In what will be a litmus reporting season on the early effects of the pandemic, Credit Suisse reported strong results overall for Q1, while absorbing a heavy draw-down of reserves in dealing with the crisis.
Despite COVID-19 ripping through every sector, Credit Suisse reported net profit for the quarter of SFr1.3 billion ($1.3 billion), a 75 per cent year-on-year increase, caused largely by a negative tax rate including improved interest deductibility.
The Zurich-listed bank warned that the early effects of the global pandemic had eaten SFr1 billion of reserves the first three months of 2020, dwarfing previous drawdowns, with more potential loan losses to come. As a measure of buffering the crisis, the bank has put aside SFr568 million to cover loan losses, compared with SFr 81 million a year ago.
Some of the results were affected by Credit Suisse's sale last year of the InvestLab business to Allfunds. Without the InvestLab sale, the group said pre-tax income would have fallen by 11 per cent on the same period a year ago. The SFr268 million sale of its funds platform boosted revenues for the quarter by 7 per cent to SFr5.8 billion. Return on tangible equity stood at 13.1 per cent for the quarter, again boosted by the deal and a negative tax rate.
The group said its international wealth management arm (IWM) saw pre-tax income up by 3 per cent year-on to SFr537 million based on more client activity. Return on regulatory capital in the division stood at 34 per cent, but would have been down by 39 per cent to SFr 319 million, were it not for the Allfunds deal, with the hit largely coming from losses in asset management, the group said.
Its APAC business reported a pre-tax income of SFr 252 million, up by 38 per cent year-on-year for Q1 2020. Discounting the InvestLab transfer, pre-tax income would have been up by 24 per cent, with revenues in the region up by 17 per cent year on.
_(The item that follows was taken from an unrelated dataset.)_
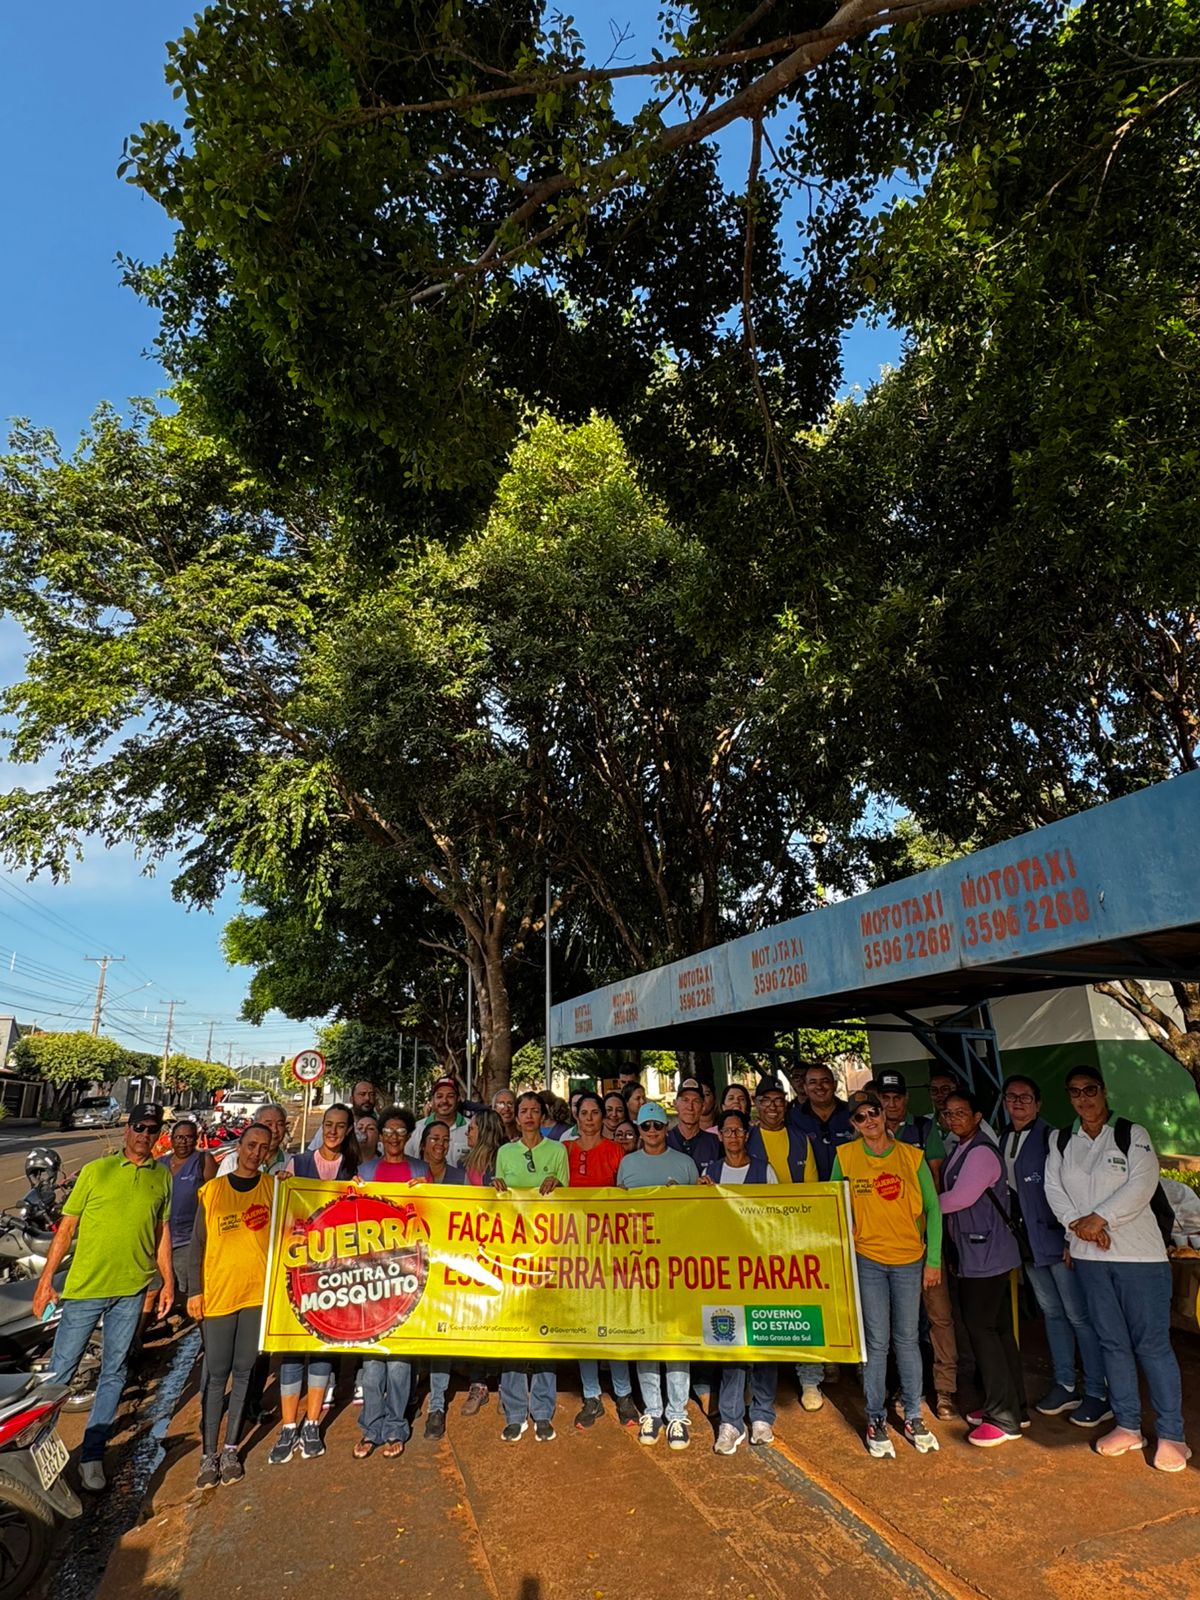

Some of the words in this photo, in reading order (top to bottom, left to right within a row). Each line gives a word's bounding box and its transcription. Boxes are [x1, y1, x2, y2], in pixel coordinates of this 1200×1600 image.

The bank reported a "strong performance" in both its markets and the private banking business within wealth management.
It said share buybacks were on hold until at least the third quarter and that dividend payouts were being revised at the end of April AGM, proposing that half be distributed then and the rest in the autumn, “subject to market and economic conditions.”
Common equity tier 1 ratio (or the bank’s buffer capital) stood at 12.1 per cent, down from 12.7 per cent for the same quarter last year. The group said it’s private banking franchises were delivering well, with net revenues, even without InvestLab profits, up by 9 per cent year-on-year. Private banking also reported increased transactions revenues, up by 31 per cent on Q1 2019 results. Part of this, the bank put down to “stable” commissions and fees; and a rise in net interest income of 6 per cent.
The bank stressed its domestic involvement developing bridging loans for Swiss companies with the Swiss government and banking authorities, and said it had issued 14,000 loans to the tune of SFr2.4 billion to 21 April.
Incoming CEO, Thomas Gottstein, called his first quarter on the job a "highly challenging environment" for everyone. "We delivered a resilient performance… while absorbing a significant reserve,” he said.
“Thanks to our strong capital and liquidity base, we are well positioned to support our clients, employees and societies in the coming quarters, during which we expect the COVID-19-related uncertainty to persist,” Gottstein said.